On May 25, 2023, the Supreme Court of the Russian Federation (hereinafter – the SC) clarified in its Determination how to dispute a property pledge agreement, if it was concluded as security for a loan to another person and was signed less than six months before the start of the bankruptcy procedure of the pledgee.

As a rule, the conclusion of such agreements, for example, during bankruptcy proceedings, means giving one creditor an advantage over the others, since in the case of settlements with creditors, the preference may appear in the order of preference. In practice, such transactions are known as preference transactions and can be disputed[1].

In disputing a property pledge agreement entered into in the above circumstances, the SC, among other things, explains that (1) it is not required to resolve the issue of the counterparty’s good faith, in particular the bank’s knowledge of the debtor’s or borrower’s insolvency, etc. (on the contrary, it is required to establish only those conditions which are expressly provided for in the legislation); (2) it is sufficient to prove that the pledge on the earlier obligation was established within 6 months before the initiation of bankruptcy proceedings or later; (3) references to the fact that there was a deal made in the ordinary course of business of the debtor should not be taken into account when considering the case, since security presented on the already existing obligations of another person cannot be qualified as the ordinary conduct of a business entity; (4) the fact that the borrower and the mortgagor are in the same group does not prove the economic feasibility of the deal.

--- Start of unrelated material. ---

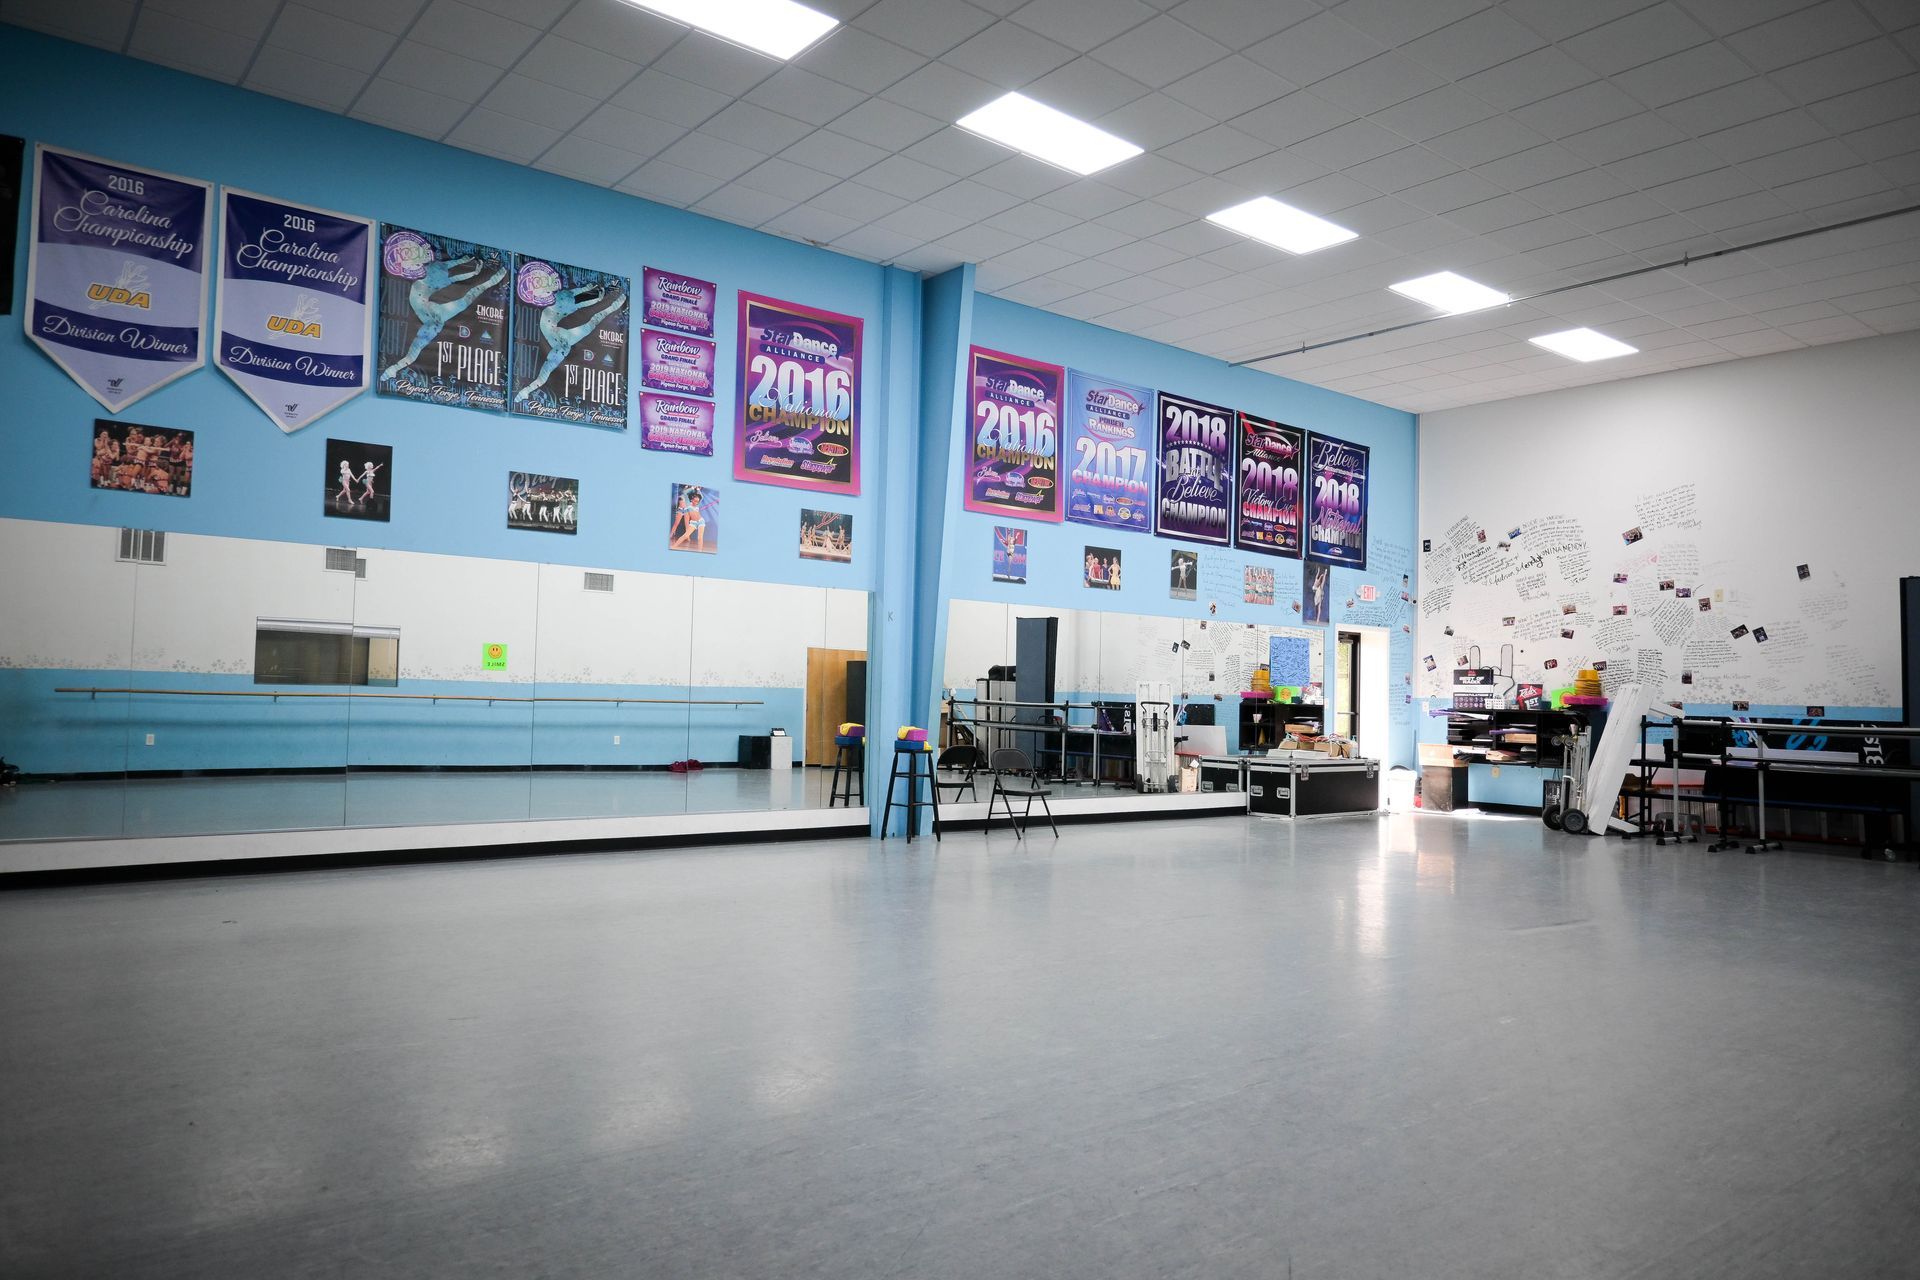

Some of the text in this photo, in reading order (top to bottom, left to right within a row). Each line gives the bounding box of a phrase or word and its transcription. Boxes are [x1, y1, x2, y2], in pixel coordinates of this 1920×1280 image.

Although the clarifications are relevant and applicable in the context of bankruptcy proceedings, they may also indicate (1) a trend of the courts of shifting their attention in making decisions towards determining the economic interest of a particular participant and treating the group less favorably (as opposed to the earlier practice, according to which the economic interests of the entire group were considered and protected[2]) and (2) a possible future tightening of banks’ requirements towards borrowers and an increasing number of denials to grant unsecured loans directly at the time of issuing the loan or as soon as possible/reasonable afterwards.

In this case, in our opinion, mitigation of risks (reducing the probability of risk realization and reducing the negative consequences, including indirect consequences) of the interested parties could be achieved by exercising ordinary discretion and by conducting a comprehensive assessment of the exposure and realization of possible risks and expenses before the signing of the relevant deal (for example, by conducting such standard procedures as Due Diligence, etc.).

[1] Usually, such deals are defined as a transaction concluded in favor of one of the creditors to the disadvantage of satisfying the claims of all other creditors or a deal in which payments bypassed one of the creditors in bankruptcy proceedings and should have been divided among the various participants in the case. For more details, see, for example: Decision of the 13th AAS of 17.12.2020 in case No. A56-70649/2017.

[2] Previously, the Supreme Court acknowledged that the execution of security deals in the interests of one group of persons “may be economically justified even without the condition of payment for the debtor’s actions” (counter security), if such security “implied future guarantees of profit in the interests of all related persons.